Scalable and Explainable Learner-Video Interaction Prediction using Multimodal Large Language Models
arXiv:2604.04482v1 | Announce Type: new
Abstract
Learners’ use of video controls in educational videos provides implicit signals of cognitive processing
and instructional design quality. However, the lack of scalable and explainable predictive models limits
instructors’ ability to anticipate such behavior before deployment. To address this challenge, we propose
a scalable, interpretable pipeline for predicting population-level watching, pausing, skipping, and
rewinding behavior as proxies for cognitive load based solely on video content.
Introduction
In the realm of online education, understanding learner interactions with video content is crucial.
These interactions serve as indicators of cognitive engagement and instructional effectiveness.
Traditional methods of analysis often fall short, as they fail to provide timely and interpretable insights
into learner behavior. This article presents a novel approach utilizing multimodal large language models
(MLLMs) to enhance prediction accuracy and provide explanations for interactions observed in educational videos.
Methodology
Our approach leverages multimodal large language models to compute embeddings of short video segments
and trains a neural classifier to identify temporally fine-grained interaction peaks. The methodology
is built on the following components:
- Video Segmentation: Short segments of educational videos are isolated for analysis.
- Embedding Computation: MLLMs generate embeddings that capture the semantic and visual
features of each segment. - Neural Classification: A classifier is trained to predict learner interactions based
on the embeddings obtained. - Feature Coding: Features of the video segments are coded using GPT-5, facilitating
model interpretation through concept activation vectors.
Evaluation
Our pipeline was evaluated on a substantial dataset comprising 77 million video control events from 66
online courses. The findings reveal several key insights:
- Classifiers based on MLLM embeddings consistently predicted interaction peaks with high accuracy.
- The model demonstrated a strong capacity to generalize across previously unseen academic fields.

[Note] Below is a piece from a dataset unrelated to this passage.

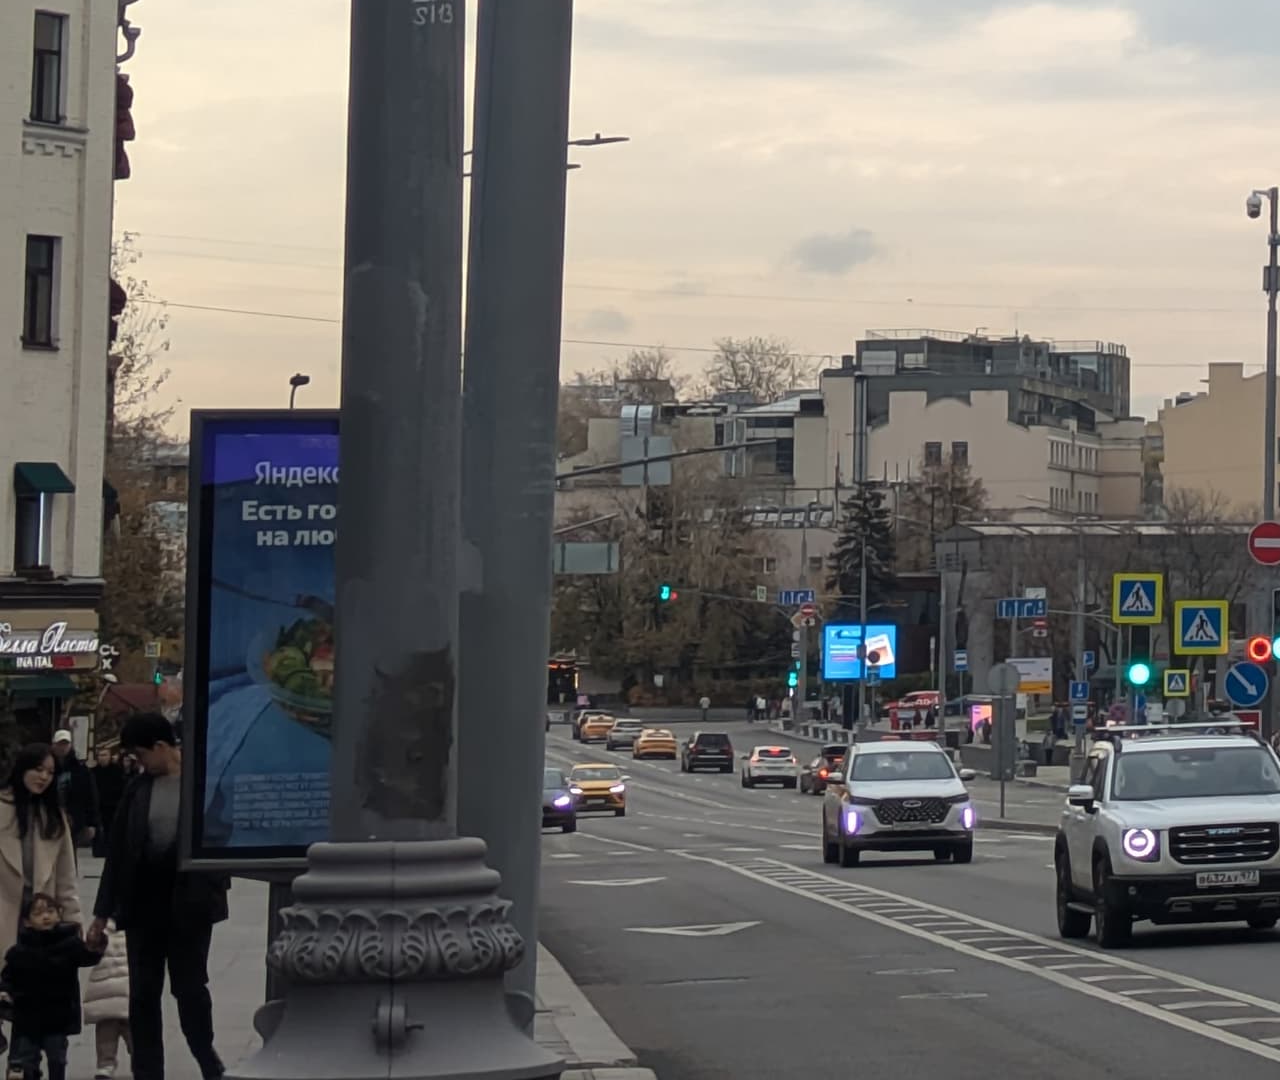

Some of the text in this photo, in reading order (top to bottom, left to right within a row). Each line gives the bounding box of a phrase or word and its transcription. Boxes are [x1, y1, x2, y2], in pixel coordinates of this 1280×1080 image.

- Encoded features were interpretable, aligning with instructional concepts rooted in multimedia learning theory.
Conclusion
The results of our study highlight the feasibility of implementing cost-efficient and interpretable
pre-screening of educational video design. This innovative approach not only enhances the understanding of
learner interactions but also opens new avenues for empirically examining multimedia learning theory at scale.
By bridging the gap between instructional design and predictive analytics, we aim to empower educators in
optimizing their video content for improved learner engagement and cognitive processing.